## What needs to be done
Write out the listing below in full and exactly, leaving out every picture.

## Information shown
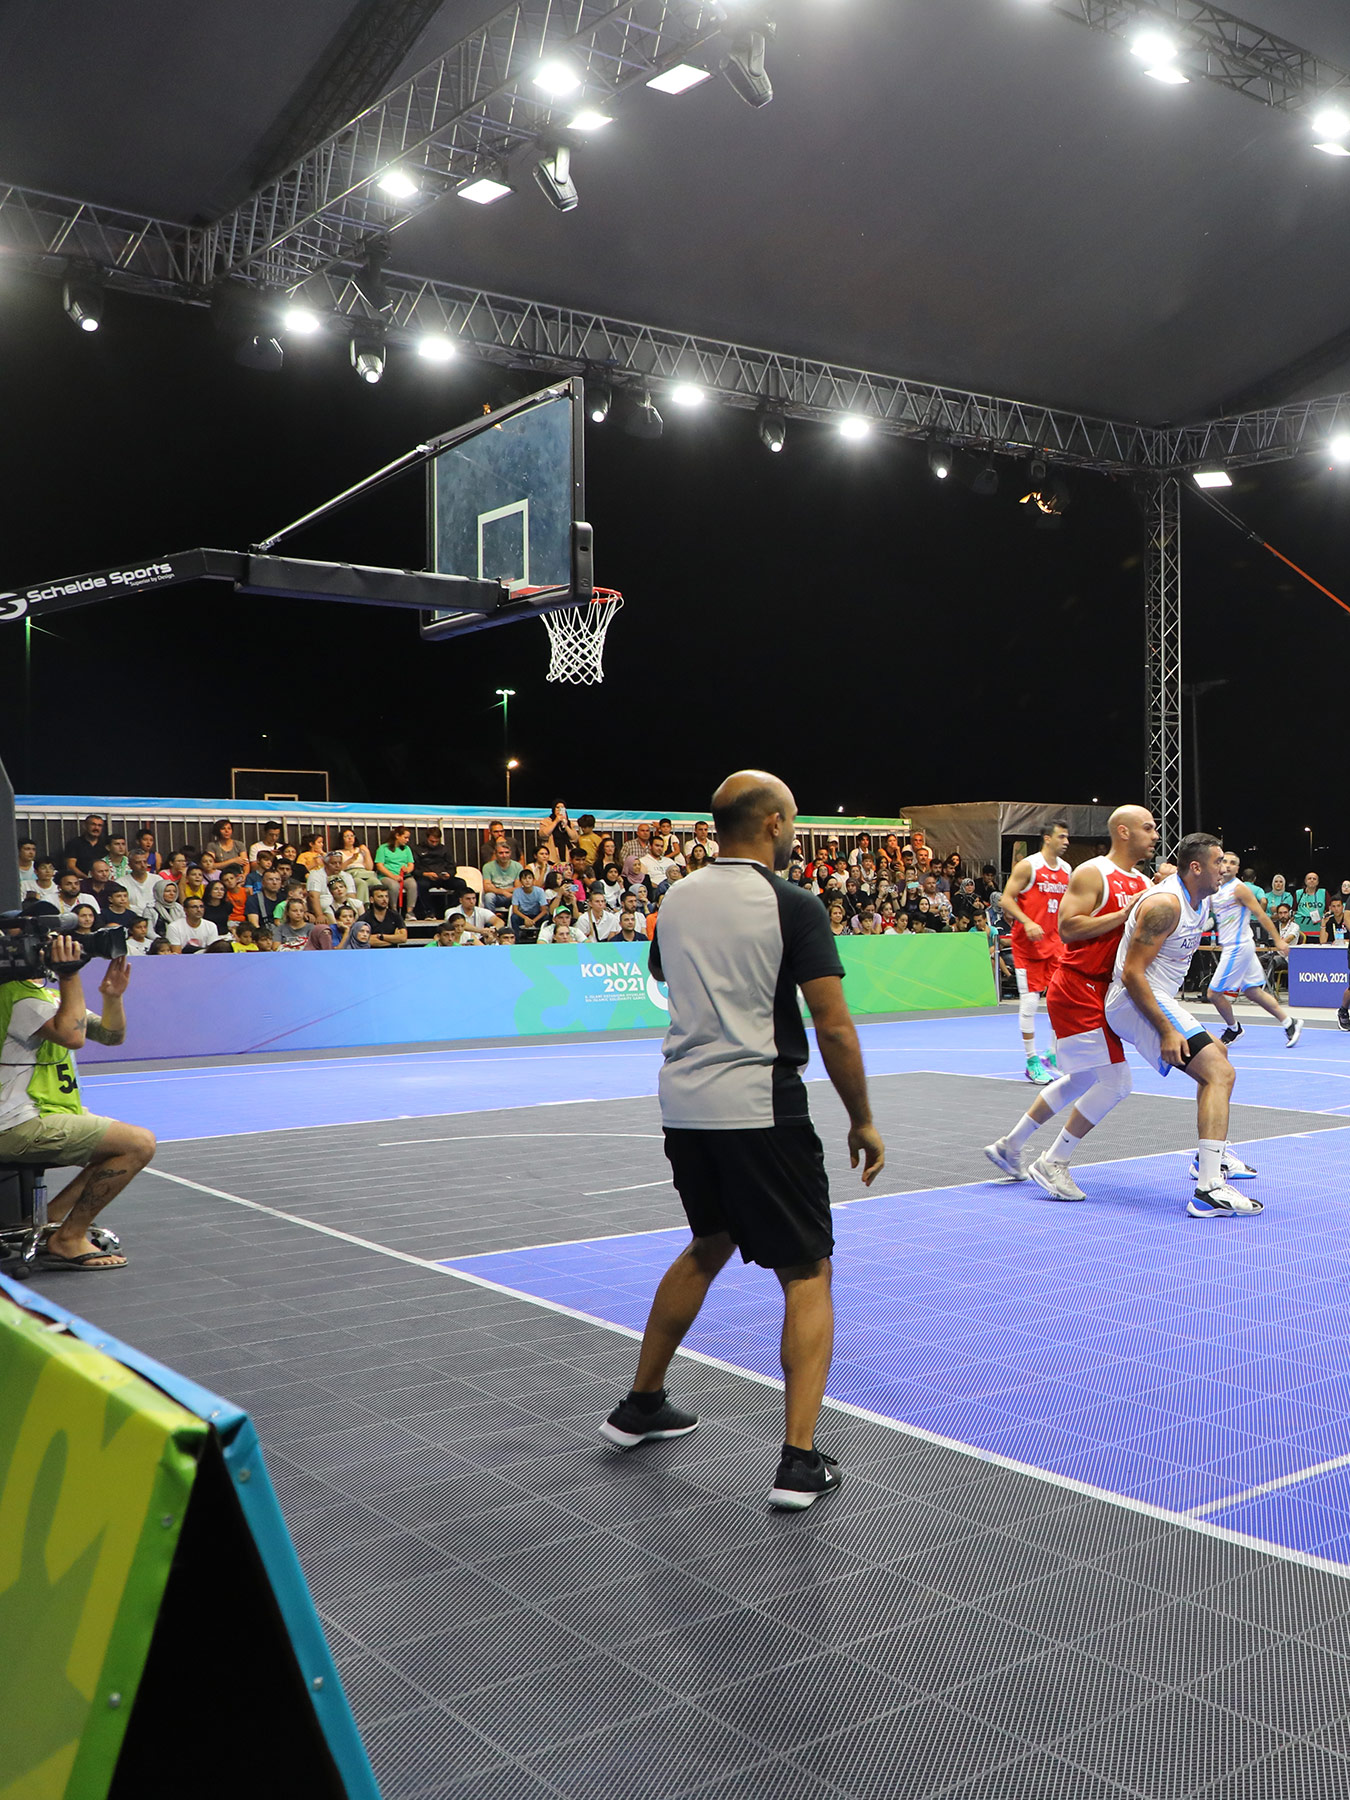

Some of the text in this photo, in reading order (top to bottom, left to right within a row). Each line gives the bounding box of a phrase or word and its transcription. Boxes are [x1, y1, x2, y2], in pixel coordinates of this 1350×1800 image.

[26, 562, 173, 603] Schelde Sports
[157, 573, 176, 581] Design
[1301, 915, 1318, 925] 77
[580, 962, 642, 978] KONYA
[1299, 972, 1348, 983] KONYA 2021
[603, 977, 645, 993] 2021
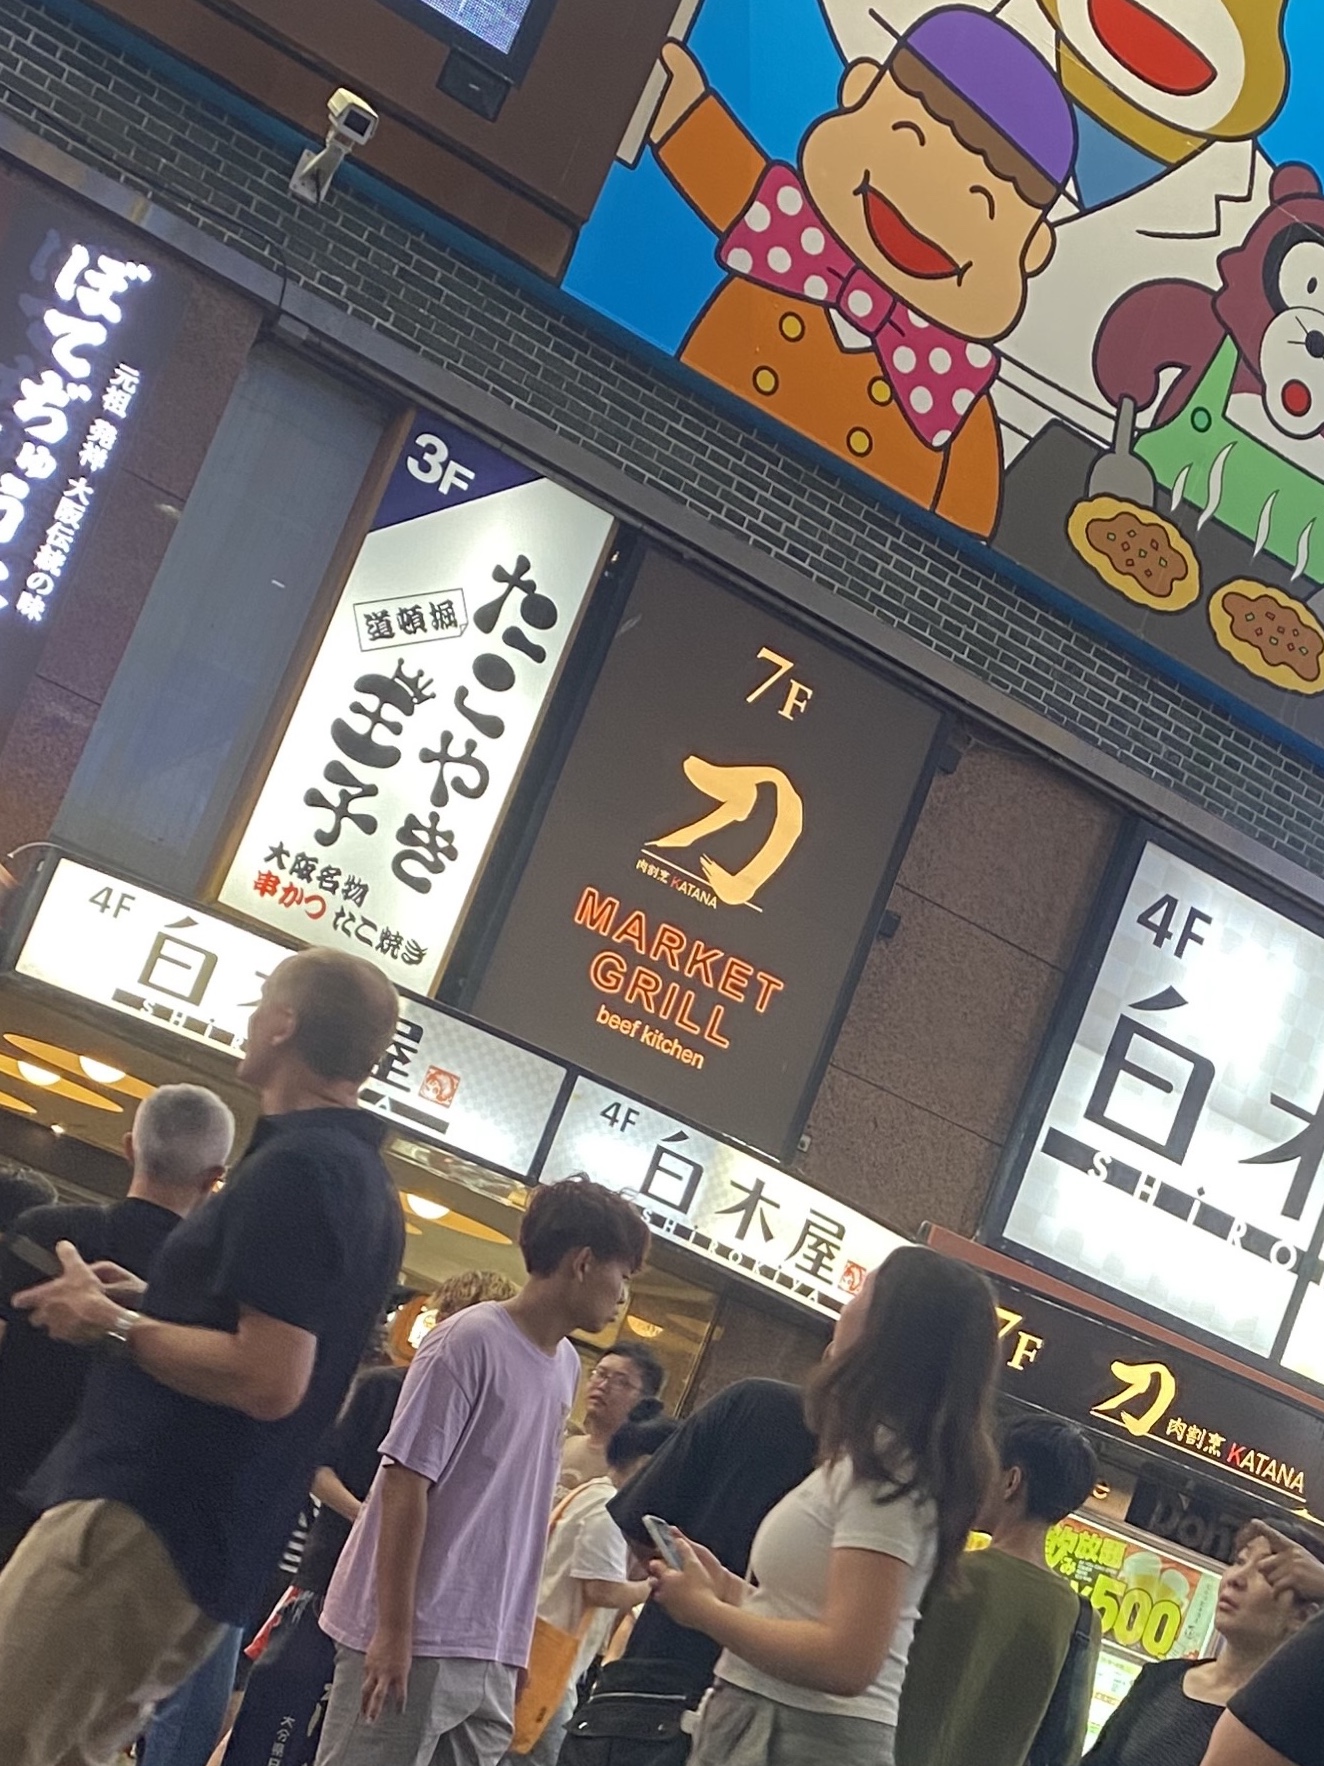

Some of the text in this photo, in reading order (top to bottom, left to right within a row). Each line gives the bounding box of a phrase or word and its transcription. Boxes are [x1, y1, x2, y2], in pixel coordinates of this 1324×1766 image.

[15, 361, 141, 622] 元祖 発祥 大阪伝統の味
[406, 433, 476, 496] 3F
[363, 600, 458, 641] 道頓堀
[746, 646, 814, 721] 7F
[303, 660, 432, 847] 王子
[391, 554, 558, 894] たこやき
[88, 886, 137, 919] 4F
[264, 841, 370, 909] 大阪名物
[669, 876, 718, 910] KATANA
[253, 869, 429, 966] 串かつ たこ焼き
[574, 886, 785, 1014] MARKET
[1135, 893, 1214, 958] 4F
[589, 950, 731, 1050] GRILL
[596, 1004, 706, 1070] beef kitchen
[599, 1101, 641, 1133] 4F
[640, 1130, 847, 1286] 白木屋
[1226, 1442, 1307, 1495] KATANA
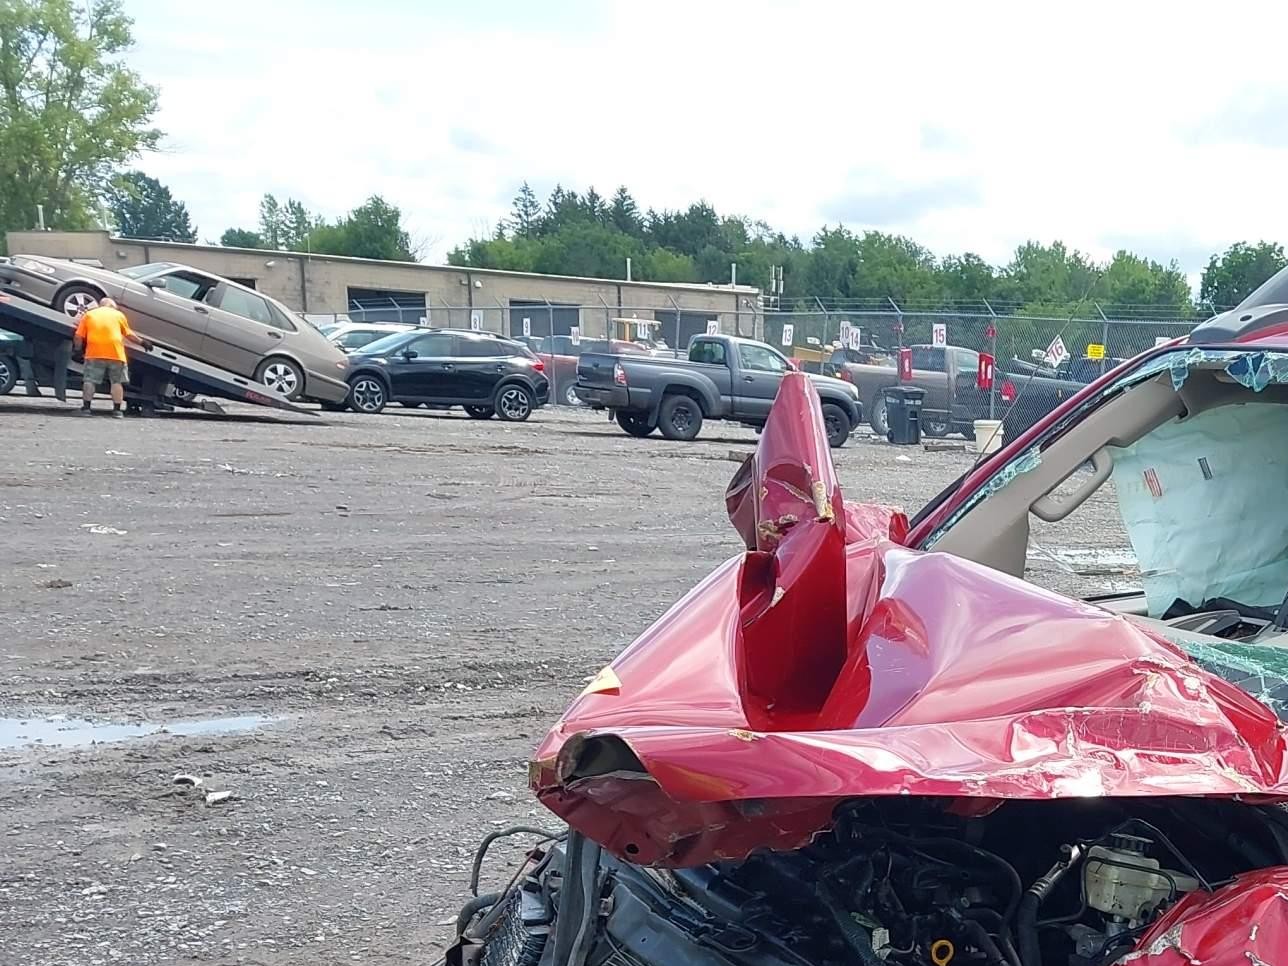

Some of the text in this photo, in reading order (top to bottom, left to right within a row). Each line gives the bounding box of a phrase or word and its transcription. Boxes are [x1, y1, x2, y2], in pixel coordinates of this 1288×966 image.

## Answer
Some of the text in this photo, in reading order (top to bottom, left to right within a row). Each line gives the bounding box of a phrase or word and its transcription. Boxes are [x1, y1, x2, y2], in pixel coordinates of this 1350×1800 image.

[26, 562, 173, 603] Schelde Sports
[157, 573, 176, 581] Design
[1301, 915, 1318, 925] 77
[580, 962, 642, 978] KONYA
[1299, 972, 1348, 983] KONYA 2021
[603, 977, 645, 993] 2021

Some of the text in this photo, in reading order (top to bottom, left to right within a row). Each line gives the bounding box of a phrase or word and its transcription. Boxes are [x1, y1, x2, y2], in pixel coordinates of this 1324×1766 image.

[15, 361, 141, 622] 元祖 発祥 大阪伝統の味
[406, 433, 476, 496] 3F
[363, 600, 458, 641] 道頓堀
[746, 646, 814, 721] 7F
[303, 660, 432, 847] 王子
[391, 554, 558, 894] たこやき
[88, 886, 137, 919] 4F
[264, 841, 370, 909] 大阪名物
[669, 876, 718, 910] KATANA
[253, 869, 429, 966] 串かつ たこ焼き
[574, 886, 785, 1014] MARKET
[1135, 893, 1214, 958] 4F
[589, 950, 731, 1050] GRILL
[596, 1004, 706, 1070] beef kitchen
[599, 1101, 641, 1133] 4F
[640, 1130, 847, 1286] 白木屋
[1226, 1442, 1307, 1495] KATANA

Some of the text in this photo, in reading order (top to bottom, left to right within a row). Each line gives the bounding box of a phrase or word and its transcription. Boxes are [x1, y1, x2, y2], in pixel coordinates of this 1288×966 image.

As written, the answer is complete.